Antes del confinamiento, estudié escenarios apocalípticos de cientos de  muertos semanales y los servicios de cuidados intensivos sobrepasados en  varios órdenes de magnitud por las necesidades previstas. Eran  aterradores. La aritmética básica sigue siendo perturbadora: si se  infecta el 60 % de la población y suponemos una tasa de letalidad de la  infección del 0,9 % (un estimativo razonable), estamos hablando de casi  300.000 muertos.

Ahora con el confinamiento, las cifras pueden ser menores o podemos  estar simplemente aplazando el problema. Yo no veo un colapso en  cuestión de días, probablemente sí en cuestión de semanas. ¿Qué tan  grave va a ser? Hay mucha incertidumbre. No sabemos, por ejemplo, el  grado de cumplimiento de las medidas, el de transmisión comunitaria, la  capacidad que tendremos para ampliar los servicios hospitalarios, etc.  El confinamiento, en todo caso, sólo nos compra tiempo; no es una  solución definitiva.

Si mira el espejo retrovisor, ¿a qué se debe esa fragilidad de  nuestro sistema de salud? Usted dice que ha sido considerado como uno de  los más solidarios en el financiamiento de todo el mundo, pero no  necesariamente uno de los más eficientes o eficaces…

Primero, me parece que algunos se han apresurado a sacar conclusiones  sobre el sistema de salud colombiano. Dicen, por ejemplo, en un momento  en que los sistemas de salud, públicos y privados, están colapsando en  casi todo el mundo, que la gran enseñanza de la pandemia es que tenemos  que estatizar todo el sistema. Eso es oportunismo, conclusiones espurias  sin sustento alguno. Otros, con base en prejuicios, comparan el sistema  de salud colombiano con el de Estados Unidos. En Colombia al menos hay  cobertura universal y protección financiera. Aquí a nadie le va a llegar  una cuenta a la casa de varios millones por la atención médica del  COVID-19, como ya está ocurriendo en los Estados Unidos.
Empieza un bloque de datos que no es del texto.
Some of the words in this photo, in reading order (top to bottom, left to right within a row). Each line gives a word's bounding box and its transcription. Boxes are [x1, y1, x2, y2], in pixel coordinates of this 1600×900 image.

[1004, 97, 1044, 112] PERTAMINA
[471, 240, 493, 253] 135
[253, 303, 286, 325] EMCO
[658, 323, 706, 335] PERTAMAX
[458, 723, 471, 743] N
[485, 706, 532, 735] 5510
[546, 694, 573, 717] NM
Claro que tenemos debilidades, algunas ya evidentes: las secretarias de  salud están mal dotadas y financiadas en muchas regiones, la  coordinación en un sistema tan complejo y transaccional es casi  imposible, las desigualdades regionales son muy grandes y, por supuesto,  las camas hospitalarias son insuficientes; han aumentado en las últimas  dos décadas, pero son insuficientes.

Entramos en una nueva etapa de la pandemia: la de mitigación. ¿Qué nuevos retos implica esto para el sistema de salud?
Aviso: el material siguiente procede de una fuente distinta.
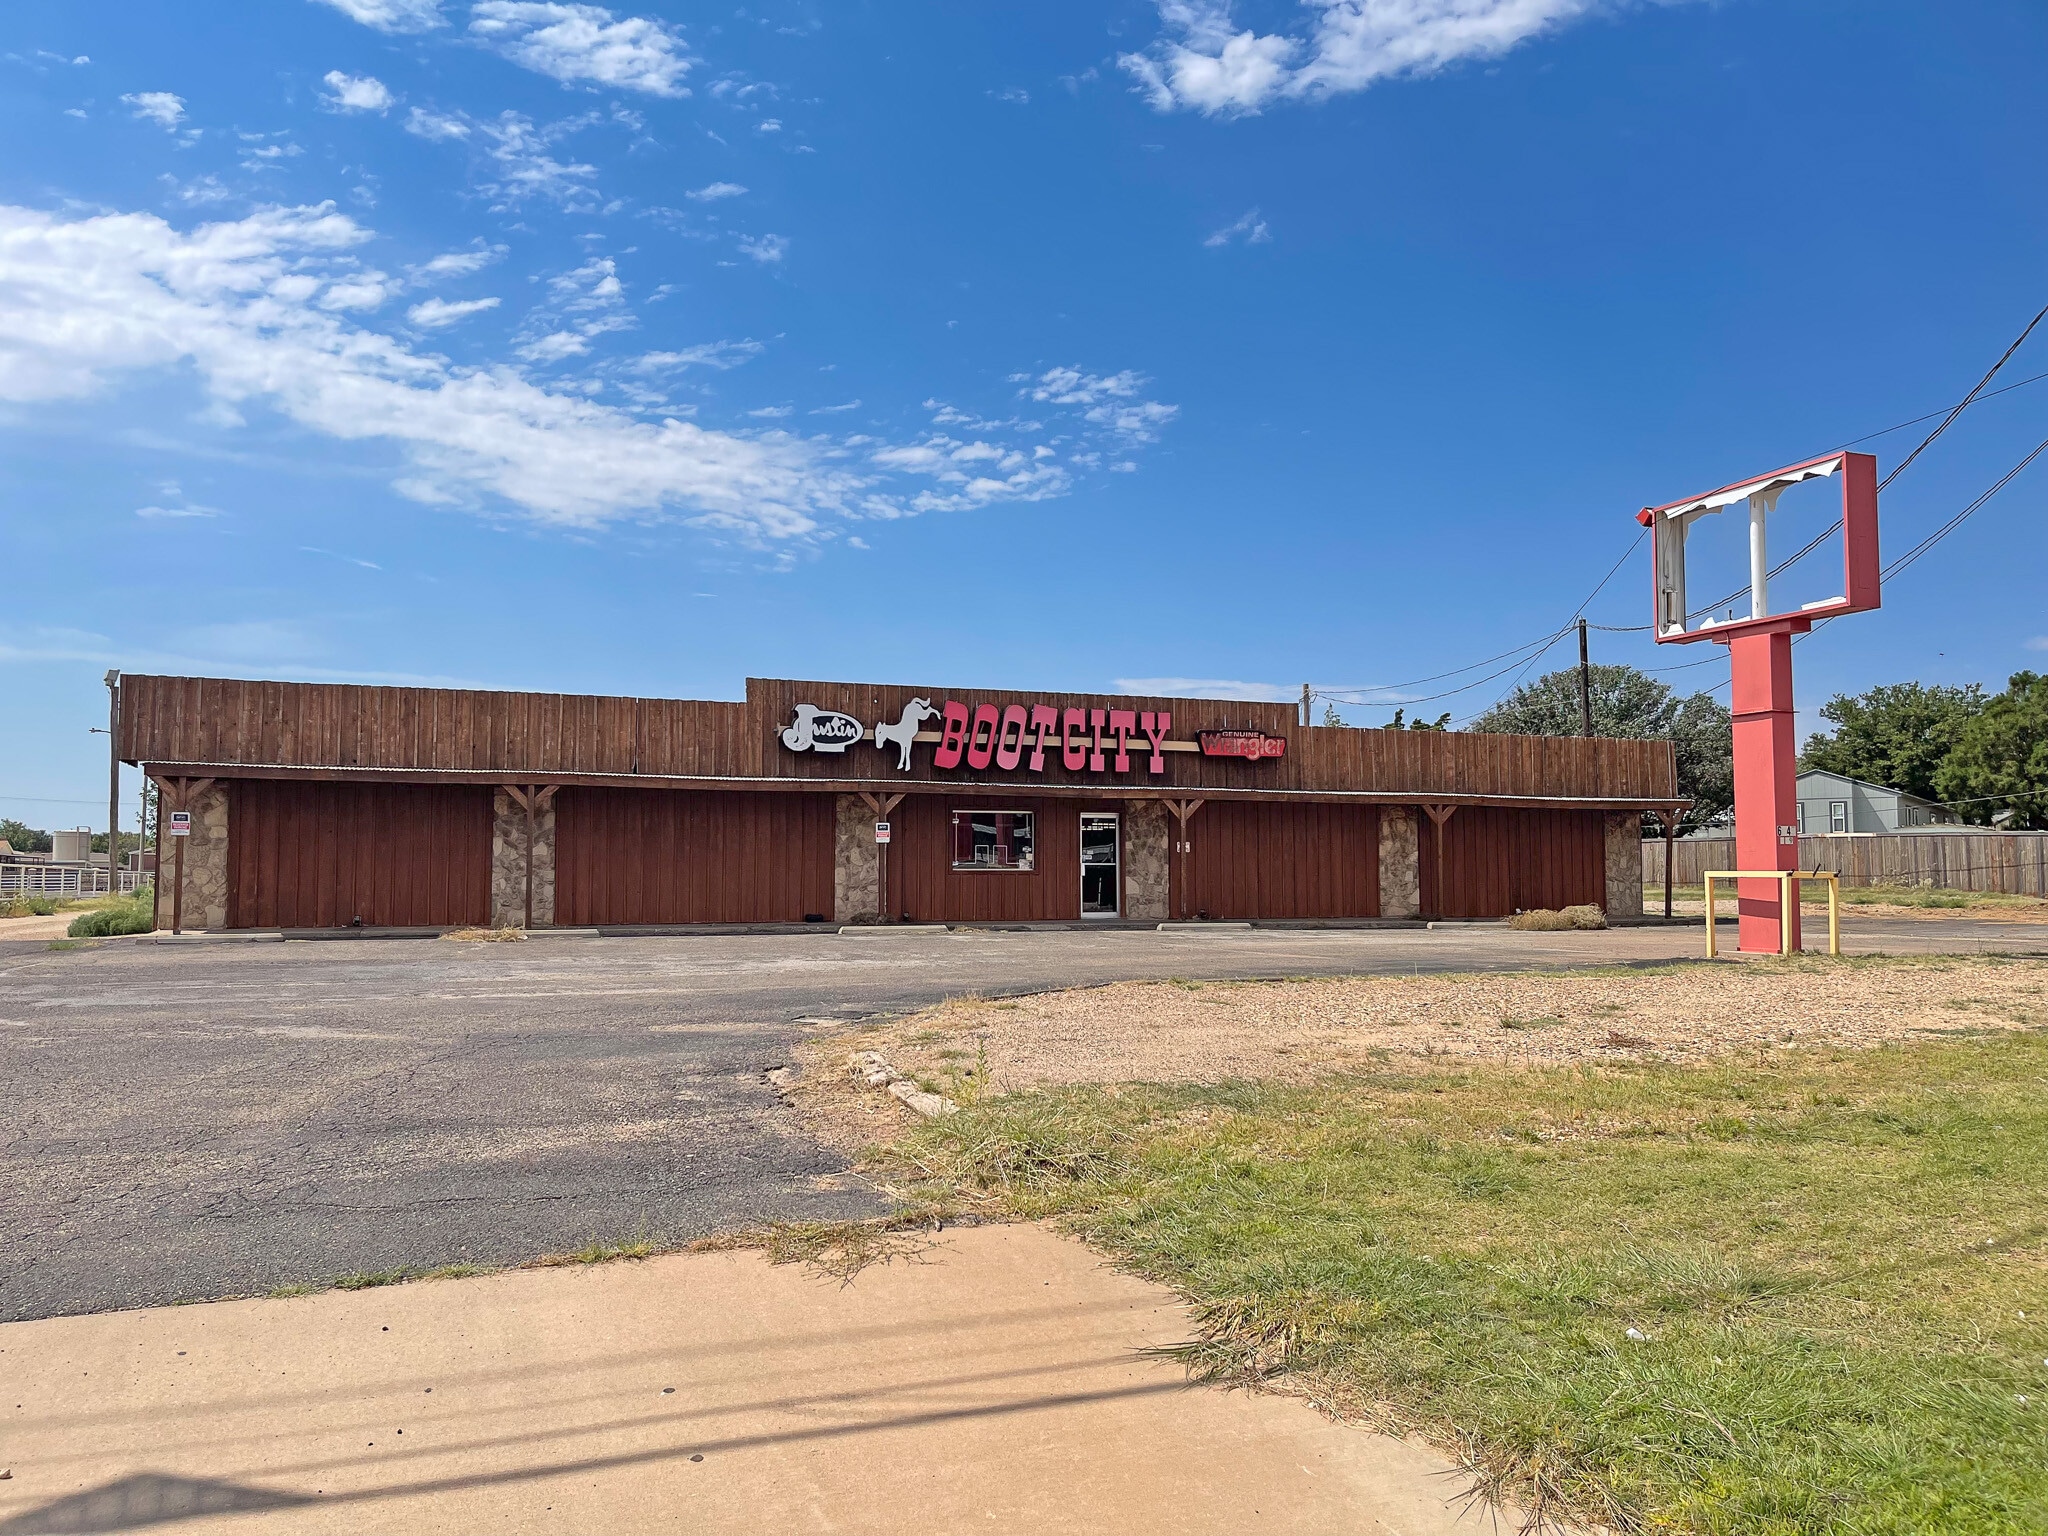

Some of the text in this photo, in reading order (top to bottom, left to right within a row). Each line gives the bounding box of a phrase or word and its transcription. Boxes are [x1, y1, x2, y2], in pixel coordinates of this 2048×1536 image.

[783, 704, 857, 751] Justin
[934, 700, 1171, 773] BOOT CITY
Yo creo que estamos entrando en el momento de la aceleración. Ya  seguramente hay sectores, clusters, aquí y allá donde el virus se está  expandiendo muy rápidamente. El mayor reto es identificarlos e  intervenir oportunamente. Ese fue el secreto de Corea, donde fueron  capaces de identificar y aislar esos clusters.

En un articulo que usted compartió se habla de que el aislamiento como medida única no funciona...

La mayoría de los modelos epidemiológicos sugieren que la cuarentena no  resuelve el problema, lo aplaza. La semana pasada repasamos varios  ejercicios de modelación en la Universidad: todos mostraban lo mismo.  Mientras tanto, localmente, debemos, como ya se está haciendo, expandir  la oferta hospitalaria en cuidados intensivos y demás, y, globalmente,  seguir buscando alguna salida farmacológica, una vacuna o un antiviral  parcialmente eficaz. El panorama es complejo. Las cuarentenas, repito,  no son una salida; sólo son un refugio transitorio que tiene, además,  muchos costos sociales.

El autor de ese artículo cierra con esta frase: “La salud  pública depende de la confianza pública”, pero, ¿cómo se teje esa  confianza en medio de la incertidumbre?

Con transparencia, veracidad plena, datos y comunicación permanente.

¿Tiene que desaparecer la ley 100 después de esta pandemia, como hoy piden algunos políticos?

Los sistemas de salud tienen que reformarse todo el tiempo. Yo soy  partidario del reformismo permanente, basado en el conocimiento y el  estudio, no en simplificaciones o prejuicios. Destruir sin haber  construido siempre será el peor error de un reformista.

¿Cree que es necesario cubrir los servicios y el arriendo de los más vulnerables en medio de la pandemia? ¿Se puede?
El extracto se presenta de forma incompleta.